Vorrei riportare due brevi esempi dell’importanza degli alberi nella storia degli uomini e della tensione a trovare linguaggi e sfere comuni. Nelle Finnegans Wake [1], alla domanda su quale sia “il nostro essere sovrano”, Yawn descrive ‘Oakley Ashe’s elm’, ossia l’olmo di Oakley Ashe, sintesi generatrice del femminile e del maschile. Ma sappiamo che, in questa sua sorprendente opera, James Joyce inventa continuamente, in una prospettiva polisemica, nuovi termini che sono a loro volta segni, simboli, sintesi. Non è probabilmente casuale che l’albero scelto da Joyce sia un olmo (elm), elemento maschile, ma anche un frassino (ash), raffigurazione del femminile, che poi è anche quercia (oak), albero sacro in gran parte d’Europa. Poco più avanti, nella narrazione – definita intraducibile- delle Finnegans Wake, l’albero si anima di movimenti, nello spazio e nel tempo: le foglie si rinnovano come pagine di lettere, in una concatenazione perpetua di bene e male, dalla notte dei tempi, e i rami danzano, uno e tutti, incontrandosi e stringendosi mani contorte.

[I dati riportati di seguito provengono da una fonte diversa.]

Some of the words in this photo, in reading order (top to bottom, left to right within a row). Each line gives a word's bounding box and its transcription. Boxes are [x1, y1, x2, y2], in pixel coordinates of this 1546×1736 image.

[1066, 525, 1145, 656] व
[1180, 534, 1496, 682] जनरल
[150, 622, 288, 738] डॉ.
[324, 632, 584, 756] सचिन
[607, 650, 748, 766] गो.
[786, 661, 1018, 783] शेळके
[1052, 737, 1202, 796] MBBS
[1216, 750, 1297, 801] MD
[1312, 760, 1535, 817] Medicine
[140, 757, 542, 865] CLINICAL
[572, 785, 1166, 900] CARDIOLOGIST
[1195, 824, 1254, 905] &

Barbalbero (Treebeard), scrive Tolkien [2], è alto quattordici piedi (ossia quattro metri o poco più) e nell’aspetto è simile ad un albero, come tutti i suoi simili. Ha il fisico di un uomo, quasi senza collo, e sarebbe difficile dire se ciò che lo ricopre sia una specie di corteccia verde e grigia, o la sua stessa pelle. Sulle prime gli Hobbit notarono di Barbalbero soltanto gli occhi, occhi profondi che li osservavano, lenti e solenni, ma molto penetranti. Erano marrone, picchiettati di luci verdi.
Due narrazioni, fra le mille e mille possibili, della ricerca di un linguaggio, dell’ansia di comunicazione e di identificazione che gli uomini hanno sempre tentato di instaurare con gli alberi.
Joyce ha impiegato 17 anni per scrivere le 648 pagine delle Finnegans Wake. Curiosamente anche a Tolkien ci sono voluti 17 anni e 1260 pagine per scrivere il Signore degli Anelli, dove Barbalbero prende vita.
Di tutt’altro scrive, divertendosi e divertendoci, Carlo Maria Cipolla [3]. Parla di pepe e di stupidità ma, fra le altre annotazioni, vorrei cogliere un passo dove l’Autore dice che gli Antichi Romani erano notoriamente pratici. E anche parchi. È altrettanto evidente che anche i Nuovi Romani lo siano. In particolare per le parole.
Che c’entra questo?
C’entra, c’entra. Ai Romani sono bastati, infatti, pochi giorni per varare un neologismo dedicato a un albero. Un termine pratico e lapidario: Spelacchio. Così, nei tempi di Natale del 2017, è stato rapidamente ribattezzato lo sfortunato abete rosso che il comune della Capitale aveva piazzato in Piazza Venezia come albero. Di Natale, per l’appunto. I romani contemporanei sono evidentemente votati a creare polisemici neologismi in tempi estremamente più brevi degli autori irlandesi o anglosassoni (pur se nati in Sudafrica).
Non paghi di ciò, nel 2018 hanno battuto il loro record: in pochi minuti, sempre un albero, sempre di Natale, è diventato Spezzacchio, in virtù dei moltissimi rami tagliati per facilitarne il trasporto. Rami che, hanno promesso Autorità, dotti e sapienti, sarebbero stati riappiccicati (con chiodi, colla, fasce?) una volta collocato l’albero nel posto designato a reggere luci e bagliori di una precarissima felicità natalizia.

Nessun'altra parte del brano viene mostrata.